6 of 432 comments (clear)

  1. Re:Don't be a Nevile Chamberlain. by ianare · · Score: 2, Informative
    Microsoft licensing under apache but especially LGPL is a small miracle.
    From what I understand, the apache license and the gpl are compatible now - in the sense that something licensed under Apache2 can be brought into GPLv3.
    Nevertheless their past actions will make it very difficult for open source developers to have any kind of trust.

    If we create great PHP support and we create excitement among PHP developers then there is opportunity for Windows Servers, Ramji said.

    :: shudders ::
    Just what the world needs, more windows servers ...

  2. Re:Shades of Gray? by Anonymous Coward · · Score: 1, Informative

    I met some awesome people at Microsoft, people I really respect.

    Hell yeah. Tantek springs to mind. Terrific guy. He did the great Mac version of IE that Microsoft put to slow painful death for embarassing the Windows IE team.
    http://en.wikipedia.org/wiki/Tantek_Çelik

    There will be others. There are plenty of really good people working in really shitty companies. That doesn't make the companies less shitty.

    The people who give Ramji a hard time really haven't given him a chance.

    Microsoft made the bed he's lying in. It's a huge bed and they've kept it burning for years. I can feel sorry for Ramji and like him as a person, but it doesn't change for a moment that he is representing Microsoft. Microsoft has worked hard to earn all the contempt and hate and distrust, and strapping a big-eyed puppy to their bumper doesn't change a thing.

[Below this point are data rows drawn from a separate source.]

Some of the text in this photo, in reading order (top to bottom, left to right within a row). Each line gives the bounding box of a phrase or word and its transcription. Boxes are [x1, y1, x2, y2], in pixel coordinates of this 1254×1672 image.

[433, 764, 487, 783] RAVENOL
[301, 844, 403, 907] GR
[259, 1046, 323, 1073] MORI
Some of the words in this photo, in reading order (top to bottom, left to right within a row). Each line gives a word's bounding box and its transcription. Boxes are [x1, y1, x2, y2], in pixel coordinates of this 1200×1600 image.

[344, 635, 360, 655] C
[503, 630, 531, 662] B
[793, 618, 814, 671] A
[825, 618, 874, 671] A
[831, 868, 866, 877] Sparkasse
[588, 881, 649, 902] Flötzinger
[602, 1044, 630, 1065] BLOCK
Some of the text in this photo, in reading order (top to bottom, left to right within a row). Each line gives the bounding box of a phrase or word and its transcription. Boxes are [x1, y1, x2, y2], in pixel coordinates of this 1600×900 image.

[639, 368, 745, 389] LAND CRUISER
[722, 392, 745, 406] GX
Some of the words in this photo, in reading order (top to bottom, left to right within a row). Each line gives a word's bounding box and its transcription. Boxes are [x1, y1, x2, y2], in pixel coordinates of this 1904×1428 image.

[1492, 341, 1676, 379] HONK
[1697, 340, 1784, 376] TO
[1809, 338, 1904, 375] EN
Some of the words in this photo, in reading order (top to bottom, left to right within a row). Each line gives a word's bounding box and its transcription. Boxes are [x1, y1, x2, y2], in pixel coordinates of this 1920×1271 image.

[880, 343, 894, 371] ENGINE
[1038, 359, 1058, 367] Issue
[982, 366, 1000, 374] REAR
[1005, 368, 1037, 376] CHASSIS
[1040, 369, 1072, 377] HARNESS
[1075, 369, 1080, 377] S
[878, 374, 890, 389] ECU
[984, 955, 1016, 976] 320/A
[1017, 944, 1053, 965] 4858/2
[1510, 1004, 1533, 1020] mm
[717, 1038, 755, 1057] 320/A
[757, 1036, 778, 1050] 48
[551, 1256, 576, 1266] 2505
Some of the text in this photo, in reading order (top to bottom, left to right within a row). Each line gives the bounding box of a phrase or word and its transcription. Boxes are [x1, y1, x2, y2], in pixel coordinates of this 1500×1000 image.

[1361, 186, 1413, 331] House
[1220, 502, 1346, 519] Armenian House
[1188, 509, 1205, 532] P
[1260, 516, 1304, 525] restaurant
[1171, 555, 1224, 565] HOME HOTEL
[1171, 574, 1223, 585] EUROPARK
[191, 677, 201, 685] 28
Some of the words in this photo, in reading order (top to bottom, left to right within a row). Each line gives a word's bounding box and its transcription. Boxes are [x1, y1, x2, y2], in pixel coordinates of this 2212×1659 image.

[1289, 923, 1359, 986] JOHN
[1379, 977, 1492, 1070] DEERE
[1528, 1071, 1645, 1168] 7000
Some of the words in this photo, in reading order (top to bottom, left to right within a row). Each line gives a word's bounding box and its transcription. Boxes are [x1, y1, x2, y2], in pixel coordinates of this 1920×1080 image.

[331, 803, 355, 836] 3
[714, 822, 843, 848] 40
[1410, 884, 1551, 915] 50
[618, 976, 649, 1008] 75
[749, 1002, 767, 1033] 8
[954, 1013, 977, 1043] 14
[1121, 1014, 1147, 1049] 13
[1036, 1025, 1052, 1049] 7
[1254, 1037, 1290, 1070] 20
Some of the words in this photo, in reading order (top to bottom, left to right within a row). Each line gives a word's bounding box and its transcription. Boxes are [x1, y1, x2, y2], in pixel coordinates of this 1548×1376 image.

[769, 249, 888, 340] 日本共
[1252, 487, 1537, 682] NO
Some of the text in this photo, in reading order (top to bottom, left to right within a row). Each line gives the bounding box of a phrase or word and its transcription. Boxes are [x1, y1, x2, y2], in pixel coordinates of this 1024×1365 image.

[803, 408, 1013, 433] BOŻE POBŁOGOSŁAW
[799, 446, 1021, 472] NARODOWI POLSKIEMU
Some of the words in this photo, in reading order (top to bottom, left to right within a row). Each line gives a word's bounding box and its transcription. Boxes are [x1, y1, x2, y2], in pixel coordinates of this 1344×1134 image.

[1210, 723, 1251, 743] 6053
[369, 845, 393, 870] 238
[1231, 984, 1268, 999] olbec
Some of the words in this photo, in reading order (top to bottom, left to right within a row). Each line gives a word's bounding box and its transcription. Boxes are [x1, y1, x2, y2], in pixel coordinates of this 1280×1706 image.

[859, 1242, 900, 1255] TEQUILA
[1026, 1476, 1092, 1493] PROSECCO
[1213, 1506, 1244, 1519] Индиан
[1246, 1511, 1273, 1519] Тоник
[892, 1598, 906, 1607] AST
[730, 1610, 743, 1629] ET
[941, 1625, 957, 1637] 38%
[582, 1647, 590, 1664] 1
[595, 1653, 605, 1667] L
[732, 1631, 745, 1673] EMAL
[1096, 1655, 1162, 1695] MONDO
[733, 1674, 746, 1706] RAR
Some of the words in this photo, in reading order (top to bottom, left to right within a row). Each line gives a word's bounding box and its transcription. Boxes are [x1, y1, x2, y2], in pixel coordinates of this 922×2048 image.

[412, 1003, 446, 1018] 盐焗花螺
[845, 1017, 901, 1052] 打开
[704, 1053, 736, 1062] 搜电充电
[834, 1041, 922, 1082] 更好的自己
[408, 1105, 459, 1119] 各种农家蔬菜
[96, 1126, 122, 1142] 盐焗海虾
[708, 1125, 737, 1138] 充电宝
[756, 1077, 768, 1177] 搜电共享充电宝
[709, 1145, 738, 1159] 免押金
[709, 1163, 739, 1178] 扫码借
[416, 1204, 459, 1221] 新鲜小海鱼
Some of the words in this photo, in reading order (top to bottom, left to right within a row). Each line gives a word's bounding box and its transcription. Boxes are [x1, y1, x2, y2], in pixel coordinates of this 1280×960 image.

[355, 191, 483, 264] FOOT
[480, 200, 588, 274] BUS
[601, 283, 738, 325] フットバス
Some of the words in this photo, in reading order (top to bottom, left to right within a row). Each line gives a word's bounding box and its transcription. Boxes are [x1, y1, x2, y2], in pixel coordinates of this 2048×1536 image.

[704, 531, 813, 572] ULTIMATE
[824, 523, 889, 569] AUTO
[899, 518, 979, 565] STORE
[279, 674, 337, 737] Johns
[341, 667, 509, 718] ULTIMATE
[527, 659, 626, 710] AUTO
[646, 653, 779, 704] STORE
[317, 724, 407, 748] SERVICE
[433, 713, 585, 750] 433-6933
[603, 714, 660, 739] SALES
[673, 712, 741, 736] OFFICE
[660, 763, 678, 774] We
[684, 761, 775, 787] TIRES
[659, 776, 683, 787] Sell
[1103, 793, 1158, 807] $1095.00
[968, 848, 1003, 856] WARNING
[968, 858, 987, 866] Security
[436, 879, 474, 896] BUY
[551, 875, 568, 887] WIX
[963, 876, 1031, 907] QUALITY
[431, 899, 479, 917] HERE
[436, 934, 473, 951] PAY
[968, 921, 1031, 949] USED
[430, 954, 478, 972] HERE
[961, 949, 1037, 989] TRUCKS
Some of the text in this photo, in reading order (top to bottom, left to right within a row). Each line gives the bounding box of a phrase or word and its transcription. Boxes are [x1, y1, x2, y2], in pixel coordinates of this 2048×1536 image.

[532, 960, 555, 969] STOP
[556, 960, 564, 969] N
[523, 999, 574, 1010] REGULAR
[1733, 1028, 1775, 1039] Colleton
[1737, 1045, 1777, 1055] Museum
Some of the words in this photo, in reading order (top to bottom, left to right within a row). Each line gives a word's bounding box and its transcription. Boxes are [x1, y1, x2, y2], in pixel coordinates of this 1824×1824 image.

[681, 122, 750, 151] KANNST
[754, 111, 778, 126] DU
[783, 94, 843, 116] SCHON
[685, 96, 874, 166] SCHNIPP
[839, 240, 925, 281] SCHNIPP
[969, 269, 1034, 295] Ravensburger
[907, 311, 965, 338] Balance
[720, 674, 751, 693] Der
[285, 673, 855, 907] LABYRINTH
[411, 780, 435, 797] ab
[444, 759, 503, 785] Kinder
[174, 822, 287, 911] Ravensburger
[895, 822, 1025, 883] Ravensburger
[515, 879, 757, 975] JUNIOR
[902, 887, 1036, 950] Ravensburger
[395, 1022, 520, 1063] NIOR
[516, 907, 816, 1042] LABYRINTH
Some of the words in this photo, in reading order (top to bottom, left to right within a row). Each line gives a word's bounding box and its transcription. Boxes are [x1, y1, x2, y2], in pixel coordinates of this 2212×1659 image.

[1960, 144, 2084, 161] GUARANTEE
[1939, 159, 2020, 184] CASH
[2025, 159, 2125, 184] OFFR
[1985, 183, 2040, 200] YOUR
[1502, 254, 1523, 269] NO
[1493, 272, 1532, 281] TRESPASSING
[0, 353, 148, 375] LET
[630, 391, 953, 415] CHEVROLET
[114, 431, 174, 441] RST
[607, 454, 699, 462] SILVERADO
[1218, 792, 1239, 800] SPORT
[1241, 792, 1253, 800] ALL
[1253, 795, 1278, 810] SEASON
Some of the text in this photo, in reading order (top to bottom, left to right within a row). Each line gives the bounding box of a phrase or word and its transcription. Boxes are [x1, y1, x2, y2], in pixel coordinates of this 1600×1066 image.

    Ramji is an ornament. If he was CEO there might be something to give him a chance for. As it stands, he means nothing.

    And if he chooses to be their public face, then he's going to get covered is all the shit that's going to be thrown at the company he represents. Who Ramji is & how earnest he might be is completely irrelevant.

  3. HAVE you tried it? by GameboyRMH · · Score: 3, Informative

    Looks serious. HAVE you tried the latest Ubuntu, or even the second latest?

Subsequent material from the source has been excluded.